# Supplied material:

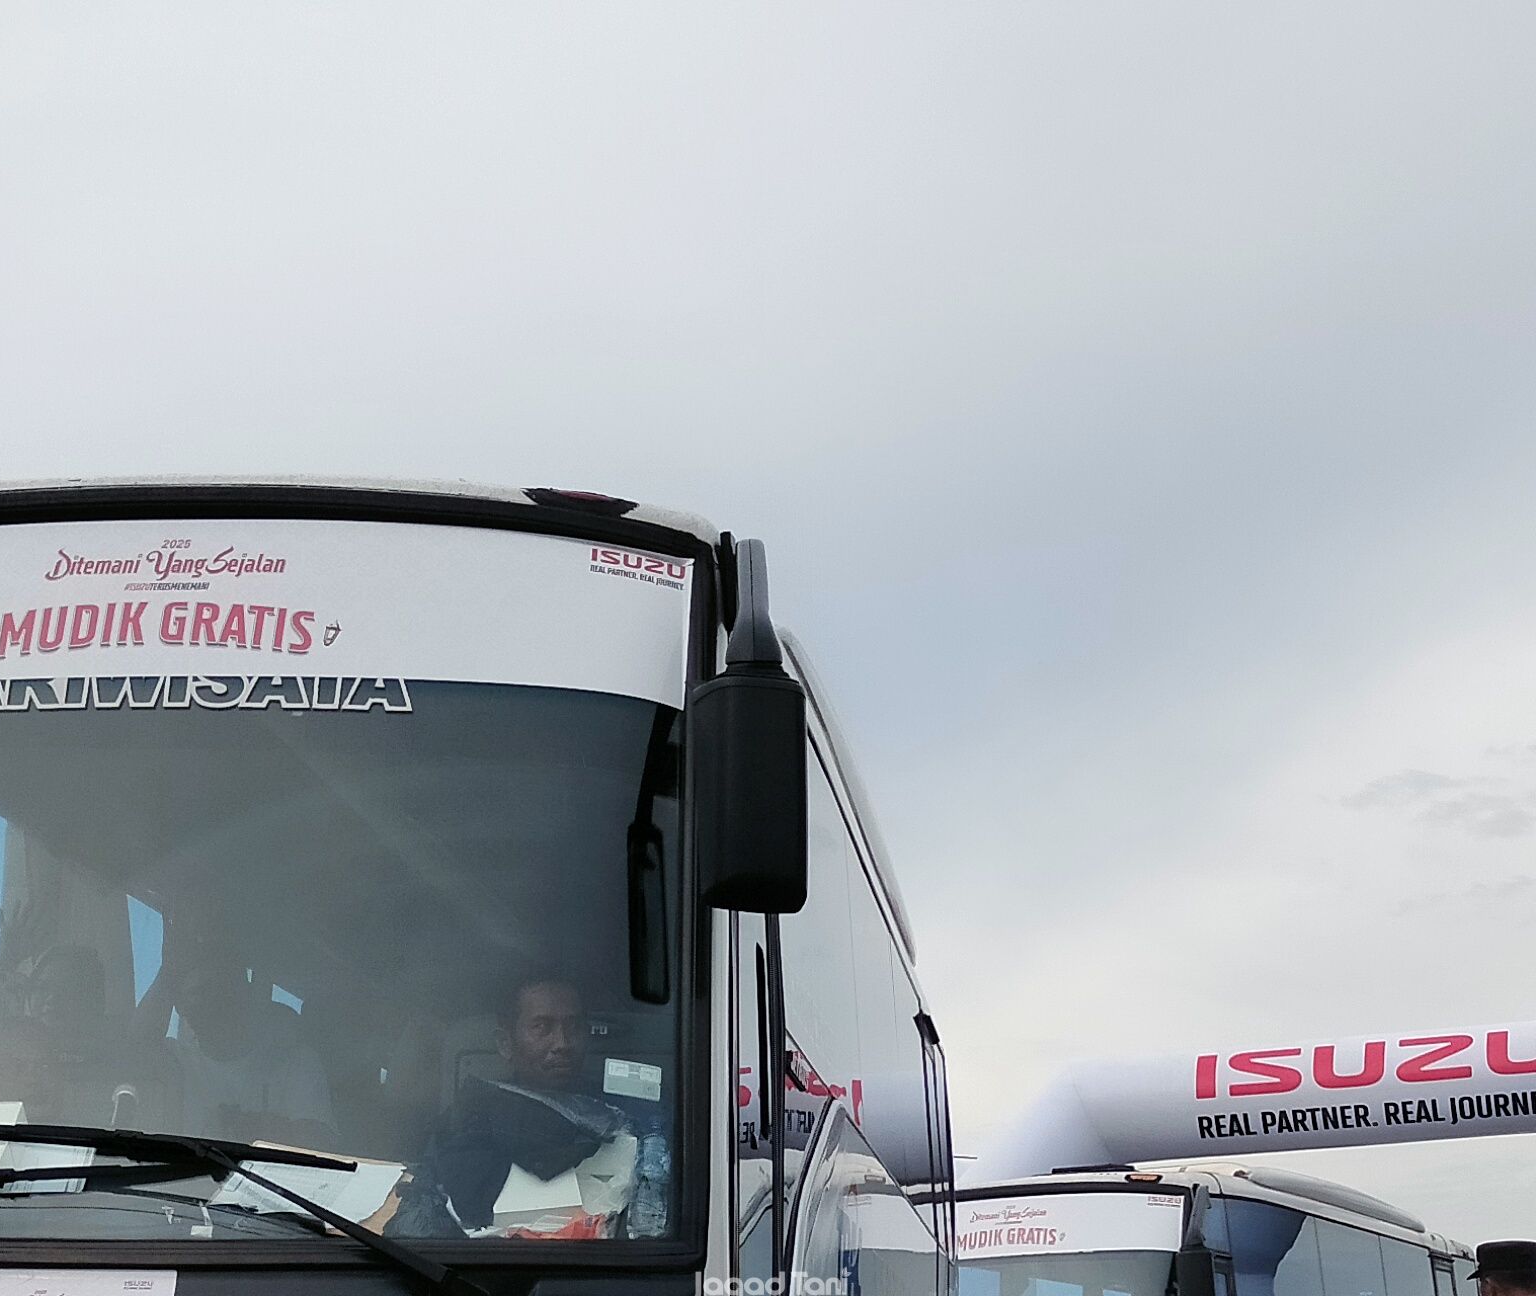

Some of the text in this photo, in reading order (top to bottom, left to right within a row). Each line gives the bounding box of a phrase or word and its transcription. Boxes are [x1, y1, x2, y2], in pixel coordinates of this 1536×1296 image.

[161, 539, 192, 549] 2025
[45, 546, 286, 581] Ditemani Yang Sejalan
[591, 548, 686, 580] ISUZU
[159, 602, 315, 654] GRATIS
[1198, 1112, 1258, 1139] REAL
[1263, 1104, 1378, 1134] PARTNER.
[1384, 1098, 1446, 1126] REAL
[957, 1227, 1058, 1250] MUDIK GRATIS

# Directions for this task:
Without copying any picture, write out all of the material exactly as it reads.

# Result of this task:
Some of the text in this photo, in reading order (top to bottom, left to right within a row). Each line gives the bounding box of a phrase or word and its transcription. Boxes are [x1, y1, x2, y2], in pixel coordinates of this 1536×1296 image.

[161, 539, 192, 549] 2025
[45, 546, 286, 581] Ditemani Yang Sejalan
[591, 548, 686, 580] ISUZU
[159, 602, 315, 654] GRATIS
[1198, 1112, 1258, 1139] REAL
[1263, 1104, 1378, 1134] PARTNER.
[1384, 1098, 1446, 1126] REAL
[957, 1227, 1058, 1250] MUDIK GRATIS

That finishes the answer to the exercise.